**Stored data entries:**

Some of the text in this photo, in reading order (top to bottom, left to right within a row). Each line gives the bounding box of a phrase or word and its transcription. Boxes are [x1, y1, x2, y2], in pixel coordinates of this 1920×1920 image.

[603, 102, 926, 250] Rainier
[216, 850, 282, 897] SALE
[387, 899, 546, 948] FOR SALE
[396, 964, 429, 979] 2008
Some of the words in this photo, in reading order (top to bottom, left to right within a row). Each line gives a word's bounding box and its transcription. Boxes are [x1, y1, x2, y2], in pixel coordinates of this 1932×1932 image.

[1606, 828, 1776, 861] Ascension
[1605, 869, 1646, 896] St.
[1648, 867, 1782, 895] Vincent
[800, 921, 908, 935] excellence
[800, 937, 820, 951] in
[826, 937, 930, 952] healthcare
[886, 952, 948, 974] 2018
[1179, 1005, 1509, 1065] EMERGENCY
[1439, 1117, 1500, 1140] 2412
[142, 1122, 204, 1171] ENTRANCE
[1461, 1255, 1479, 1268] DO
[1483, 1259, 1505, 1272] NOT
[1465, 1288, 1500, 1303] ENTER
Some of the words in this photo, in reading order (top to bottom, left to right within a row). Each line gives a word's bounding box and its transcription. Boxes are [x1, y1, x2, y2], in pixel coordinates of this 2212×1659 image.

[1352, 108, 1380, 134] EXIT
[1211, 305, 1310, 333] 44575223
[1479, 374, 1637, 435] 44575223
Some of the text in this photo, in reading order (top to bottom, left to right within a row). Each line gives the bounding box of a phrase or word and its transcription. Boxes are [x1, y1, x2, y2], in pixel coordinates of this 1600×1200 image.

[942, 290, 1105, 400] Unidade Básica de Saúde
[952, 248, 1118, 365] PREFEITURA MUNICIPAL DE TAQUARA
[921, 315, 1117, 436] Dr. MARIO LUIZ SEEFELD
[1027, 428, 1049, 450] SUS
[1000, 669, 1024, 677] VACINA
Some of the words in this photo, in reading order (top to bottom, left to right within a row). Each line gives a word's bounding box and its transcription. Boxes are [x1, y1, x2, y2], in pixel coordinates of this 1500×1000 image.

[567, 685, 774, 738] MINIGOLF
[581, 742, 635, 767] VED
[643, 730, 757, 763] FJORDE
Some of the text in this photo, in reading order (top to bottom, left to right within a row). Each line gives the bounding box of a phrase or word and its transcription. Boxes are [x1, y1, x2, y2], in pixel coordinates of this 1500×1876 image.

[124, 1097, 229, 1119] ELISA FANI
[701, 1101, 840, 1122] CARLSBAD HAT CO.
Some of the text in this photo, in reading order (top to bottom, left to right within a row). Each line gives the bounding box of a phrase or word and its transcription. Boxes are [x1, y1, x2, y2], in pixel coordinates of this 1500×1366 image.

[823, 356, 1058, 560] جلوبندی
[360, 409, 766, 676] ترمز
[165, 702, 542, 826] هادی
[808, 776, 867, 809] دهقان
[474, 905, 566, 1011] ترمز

**DIRECTIONS FOR THIS TASK:** Write out the data above again, word for word.

**RESPONSE TO THE EXERCISE:**
Some of the text in this photo, in reading order (top to bottom, left to right within a row). Each line gives the bounding box of a phrase or word and its transcription. Boxes are [x1, y1, x2, y2], in pixel coordinates of this 1920×1920 image.

[603, 102, 926, 250] Rainier
[216, 850, 282, 897] SALE
[387, 899, 546, 948] FOR SALE
[396, 964, 429, 979] 2008
Some of the words in this photo, in reading order (top to bottom, left to right within a row). Each line gives a word's bounding box and its transcription. Boxes are [x1, y1, x2, y2], in pixel coordinates of this 1932×1932 image.

[1606, 828, 1776, 861] Ascension
[1605, 869, 1646, 896] St.
[1648, 867, 1782, 895] Vincent
[800, 921, 908, 935] excellence
[800, 937, 820, 951] in
[826, 937, 930, 952] healthcare
[886, 952, 948, 974] 2018
[1179, 1005, 1509, 1065] EMERGENCY
[1439, 1117, 1500, 1140] 2412
[142, 1122, 204, 1171] ENTRANCE
[1461, 1255, 1479, 1268] DO
[1483, 1259, 1505, 1272] NOT
[1465, 1288, 1500, 1303] ENTER
Some of the words in this photo, in reading order (top to bottom, left to right within a row). Each line gives a word's bounding box and its transcription. Boxes are [x1, y1, x2, y2], in pixel coordinates of this 2212×1659 image.

[1352, 108, 1380, 134] EXIT
[1211, 305, 1310, 333] 44575223
[1479, 374, 1637, 435] 44575223
Some of the text in this photo, in reading order (top to bottom, left to right within a row). Each line gives the bounding box of a phrase or word and its transcription. Boxes are [x1, y1, x2, y2], in pixel coordinates of this 1600×1200 image.

[942, 290, 1105, 400] Unidade Básica de Saúde
[952, 248, 1118, 365] PREFEITURA MUNICIPAL DE TAQUARA
[921, 315, 1117, 436] Dr. MARIO LUIZ SEEFELD
[1027, 428, 1049, 450] SUS
[1000, 669, 1024, 677] VACINA
Some of the words in this photo, in reading order (top to bottom, left to right within a row). Each line gives a word's bounding box and its transcription. Boxes are [x1, y1, x2, y2], in pixel coordinates of this 1500×1000 image.

[567, 685, 774, 738] MINIGOLF
[581, 742, 635, 767] VED
[643, 730, 757, 763] FJORDE
Some of the text in this photo, in reading order (top to bottom, left to right within a row). Each line gives the bounding box of a phrase or word and its transcription. Boxes are [x1, y1, x2, y2], in pixel coordinates of this 1500×1876 image.

[124, 1097, 229, 1119] ELISA FANI
[701, 1101, 840, 1122] CARLSBAD HAT CO.
Some of the text in this photo, in reading order (top to bottom, left to right within a row). Each line gives the bounding box of a phrase or word and its transcription. Boxes are [x1, y1, x2, y2], in pixel coordinates of this 1500×1366 image.

[823, 356, 1058, 560] جلوبندی
[360, 409, 766, 676] ترمز
[165, 702, 542, 826] هادی
[808, 776, 867, 809] دهقان
[474, 905, 566, 1011] ترمز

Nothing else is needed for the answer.